> _Problem requirements_
Which lines run from the one with "this 1600×900 image." through the end of the data? Retype them exactly, without pictures.

Free-text object descriptions
──────────────────────────────

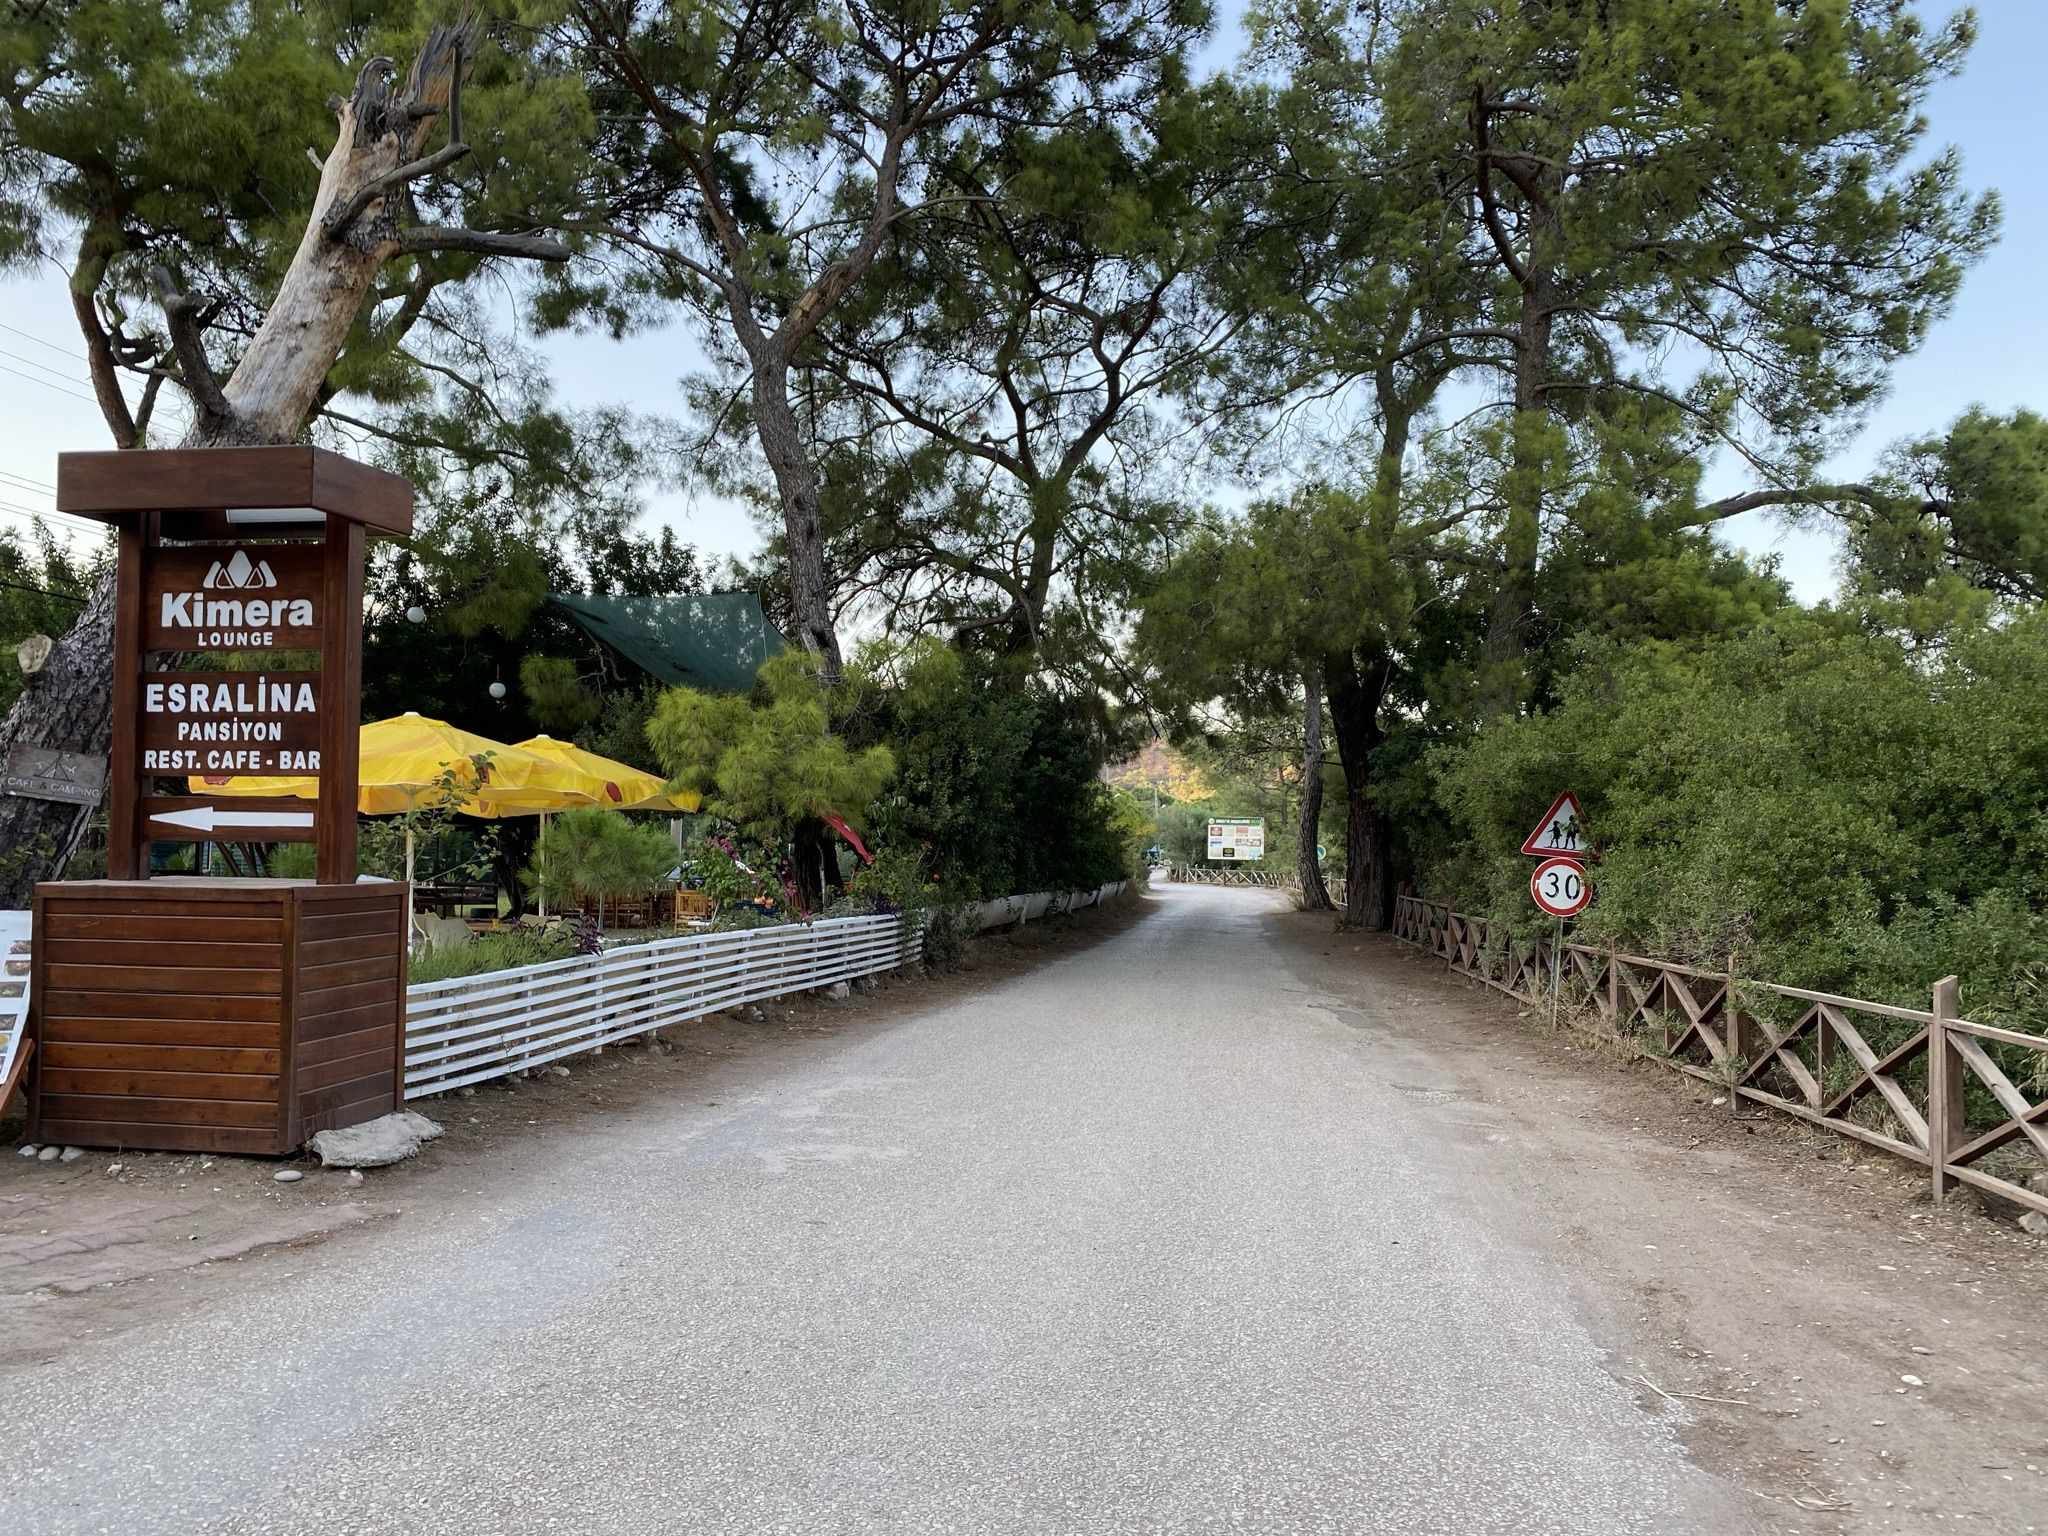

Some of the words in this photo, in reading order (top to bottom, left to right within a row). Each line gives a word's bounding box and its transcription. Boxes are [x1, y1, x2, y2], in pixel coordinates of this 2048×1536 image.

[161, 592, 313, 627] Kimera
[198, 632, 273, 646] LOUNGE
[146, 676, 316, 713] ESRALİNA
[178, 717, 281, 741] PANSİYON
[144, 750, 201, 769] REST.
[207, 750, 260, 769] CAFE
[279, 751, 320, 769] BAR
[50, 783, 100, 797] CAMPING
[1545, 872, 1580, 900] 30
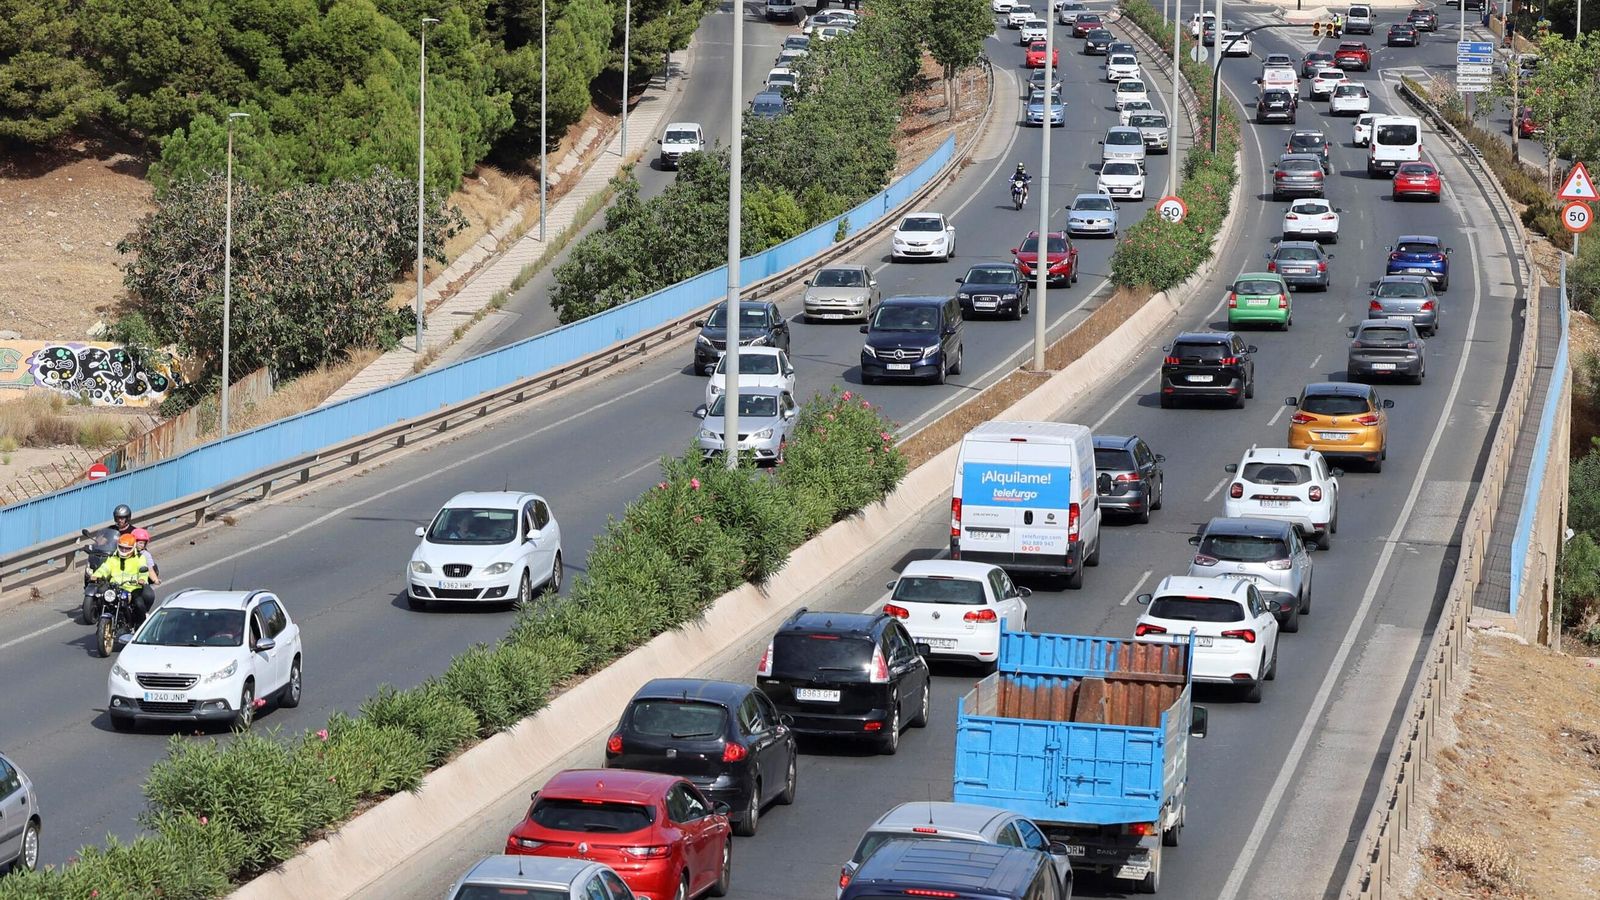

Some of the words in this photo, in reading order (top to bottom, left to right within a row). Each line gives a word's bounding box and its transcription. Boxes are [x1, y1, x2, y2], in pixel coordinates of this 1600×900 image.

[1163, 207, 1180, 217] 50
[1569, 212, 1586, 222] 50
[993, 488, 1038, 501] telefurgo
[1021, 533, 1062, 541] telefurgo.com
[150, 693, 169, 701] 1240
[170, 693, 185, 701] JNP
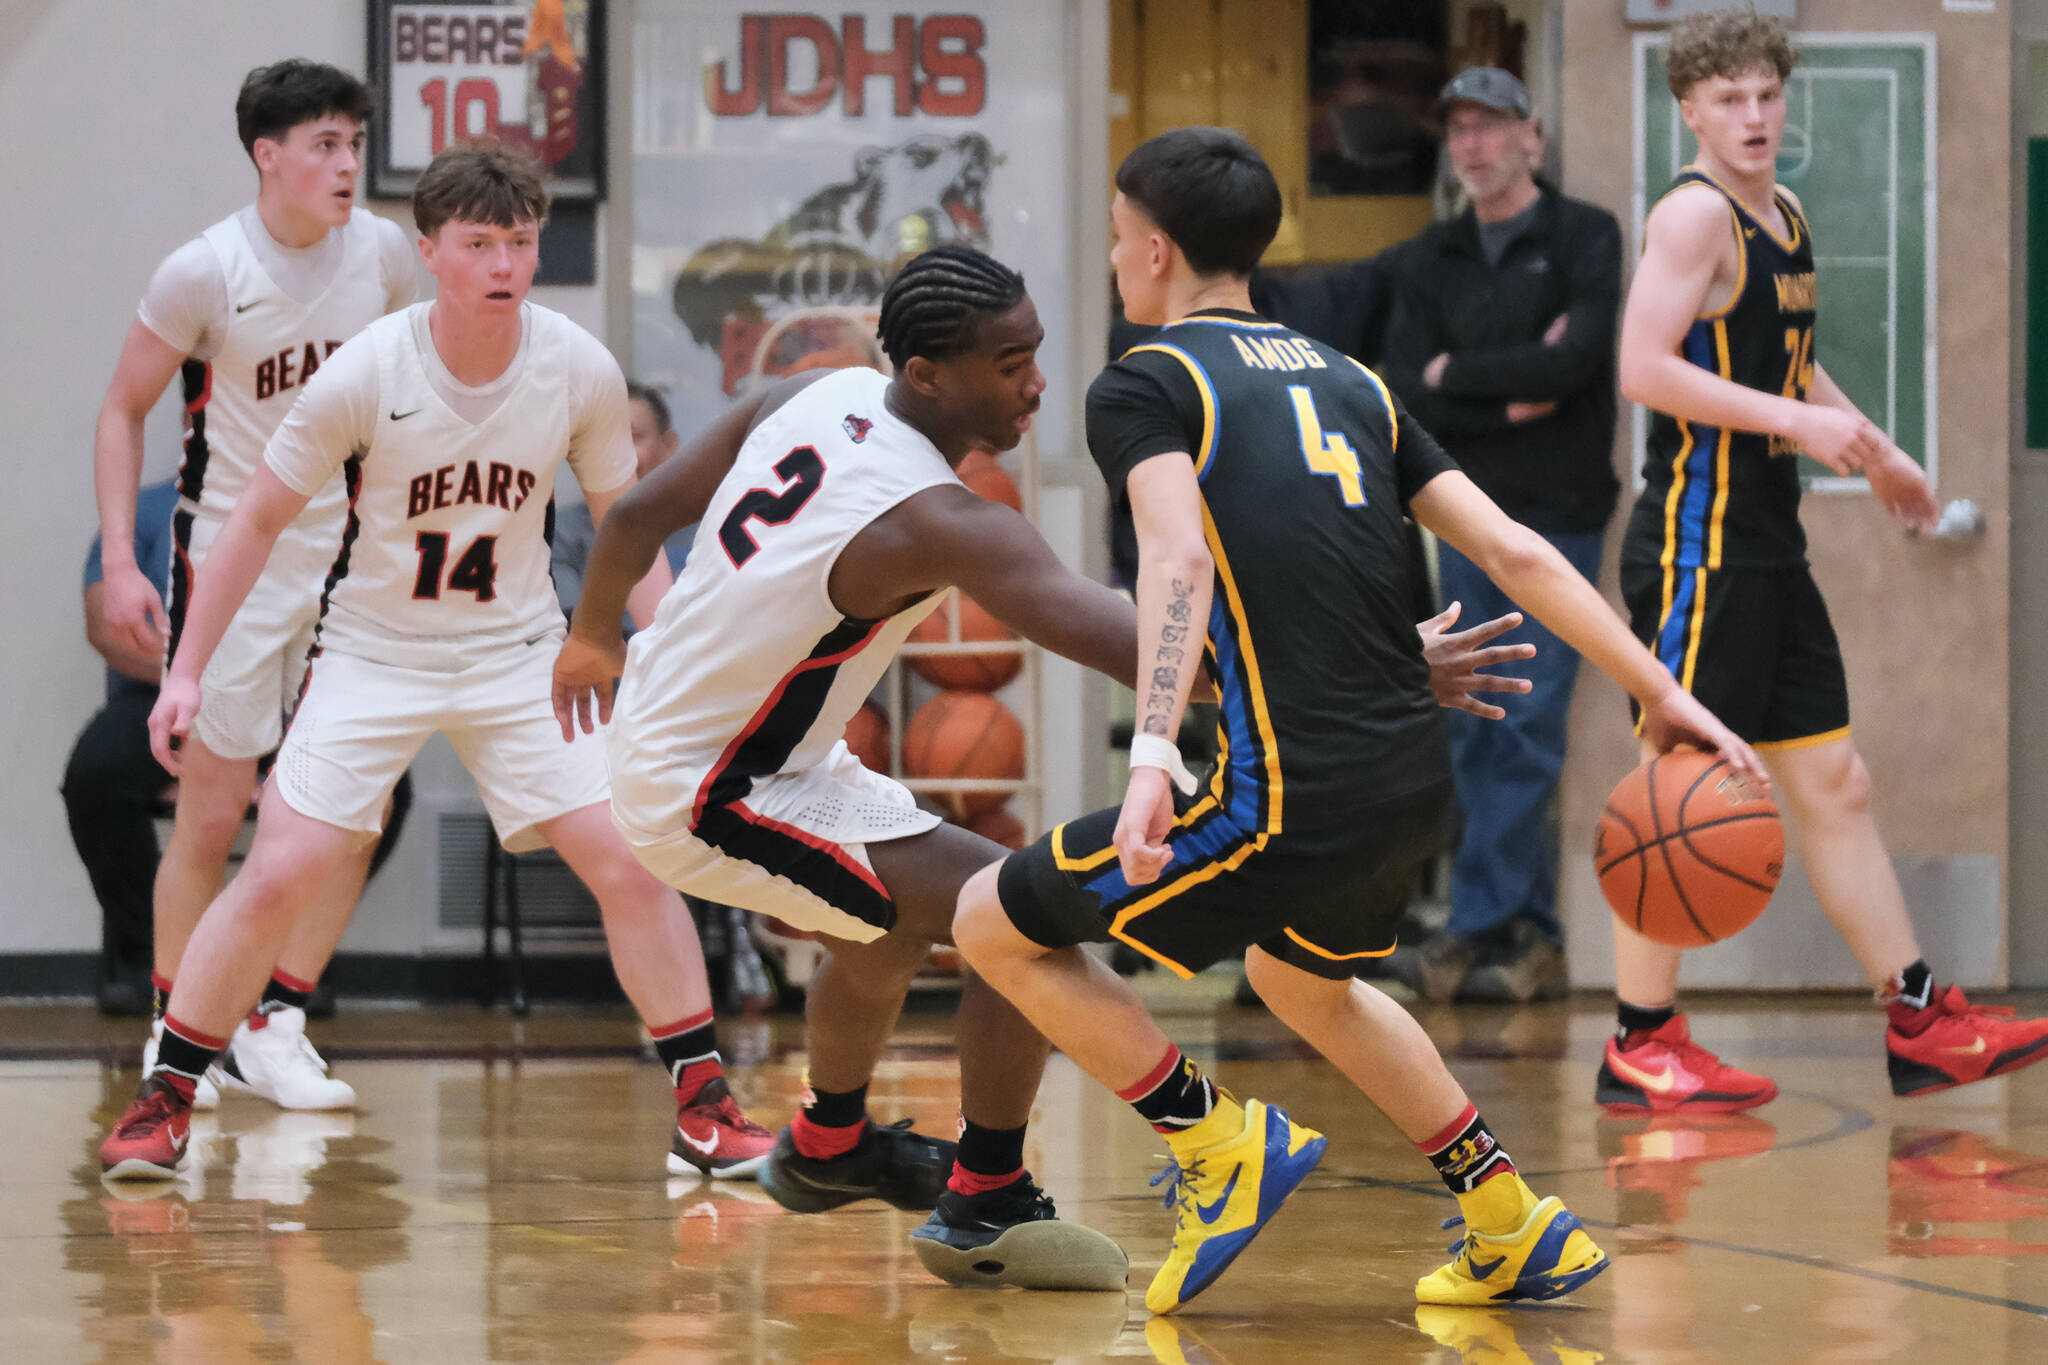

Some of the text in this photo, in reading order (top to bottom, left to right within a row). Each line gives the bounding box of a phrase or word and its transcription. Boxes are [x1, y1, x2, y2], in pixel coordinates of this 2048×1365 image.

──────────────────────────────

> _Response area_
Some of the words in this photo, in reading order (top to bottom, left to right within a row). Each line gives a word's bounding box and its transcription. Boxes are [x1, y1, x2, y2], in pixel coordinates of this 1600×900 image.

[1163, 207, 1180, 217] 50
[1569, 212, 1586, 222] 50
[993, 488, 1038, 501] telefurgo
[1021, 533, 1062, 541] telefurgo.com
[150, 693, 169, 701] 1240
[170, 693, 185, 701] JNP

Some of the text in this photo, in reading order (top to bottom, left to right within a row). Each line gives the bounding box of a phrase or word and its transcription. Boxes are [x1, y1, x2, y2], in pixel coordinates of this 2048×1365 image.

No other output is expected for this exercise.